Hi Ian

I've looked briefly at implementing gunzip in Mosflm  in the past, but never 
really pursued it. It could probably be done when I have some free time, but 
who knows when that will be? gzip'ing one of my standard test sets gives around 
a 40-50% reduction in size, bzip2 ~60-70%. The speed of doing the compression 
is important too, and is considerably slower than uncompressing (since  with 
uncompressing you know where you are going and have the instructions, whereas 
with compressing you have to find it all out as you proceed).

There are several ways of writing compressed images that (I believe) all the 
major processing packages have implemented - for example, Jan Pieter Abrahams 
has one which has been used for Mar images for a long time, and CBF has more 
than one. There are very good reasons for all detectors to write their images 
using CBFs with some kind of compression (I think that all new MX detectors at 
Diamond, for example, are required to be able to). 
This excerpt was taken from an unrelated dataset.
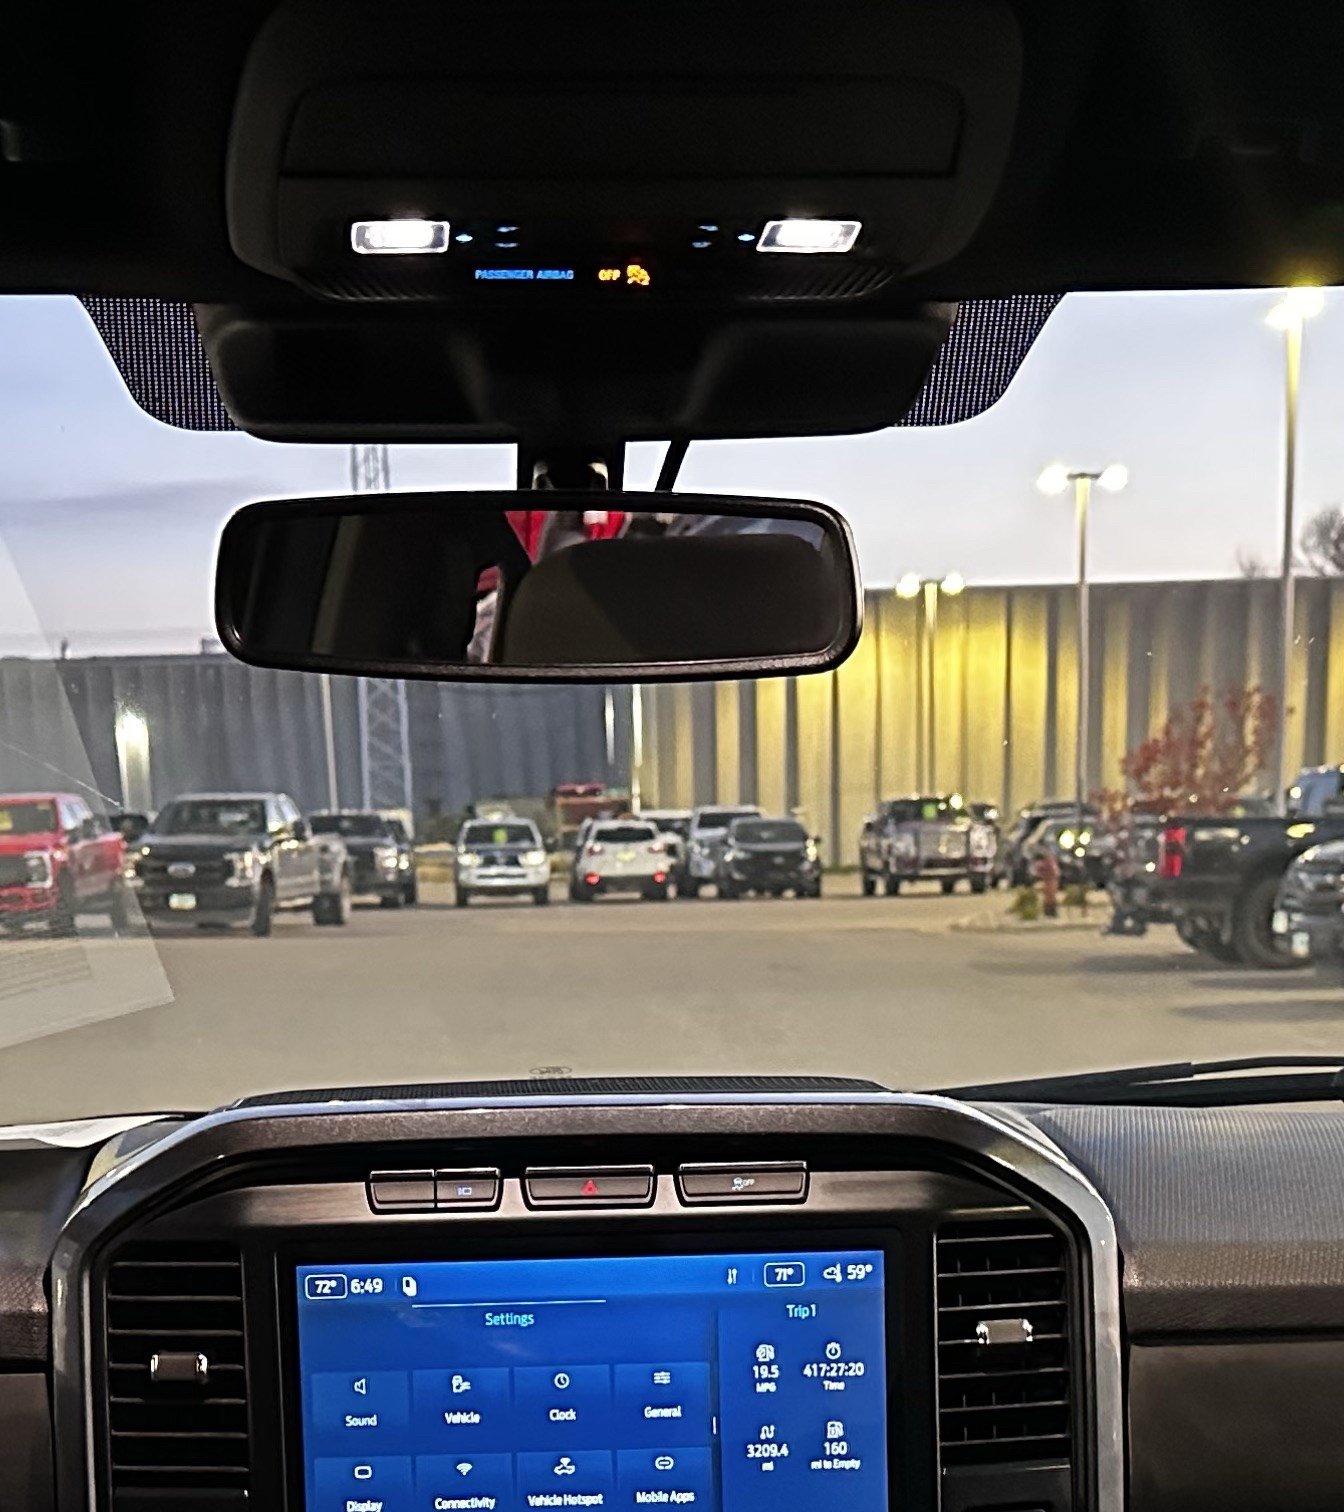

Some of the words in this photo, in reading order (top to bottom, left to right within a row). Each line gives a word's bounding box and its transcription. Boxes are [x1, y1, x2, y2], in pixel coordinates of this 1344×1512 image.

Pilatus images are written using a fast compressor and read (in Mosflm and XDS, 
anyway - I have no idea about d*Trek or HKL, but imagine they would do the job 
every bit as well) using a fast decompressor - so this goes some way towards 
dealing with that particular problem - the image files aren't as big as you'd 
expect from their physical size and 20-bit dynamic range (from the 6M they're 
roughly 6MB, rather than 6MB * 2.5). So that seems about as good as you'd get 
from bzip2 anyway.

I'd be somewhat surprised to see a non-lossy fast algorithm that could give you 
10-fold compression with normal MX type images - the "empty" space between 
Bragg maxima is full of detail ("noise", "diffuse scatter"). If you had a truly 
flat background you could get much better compression, of course. 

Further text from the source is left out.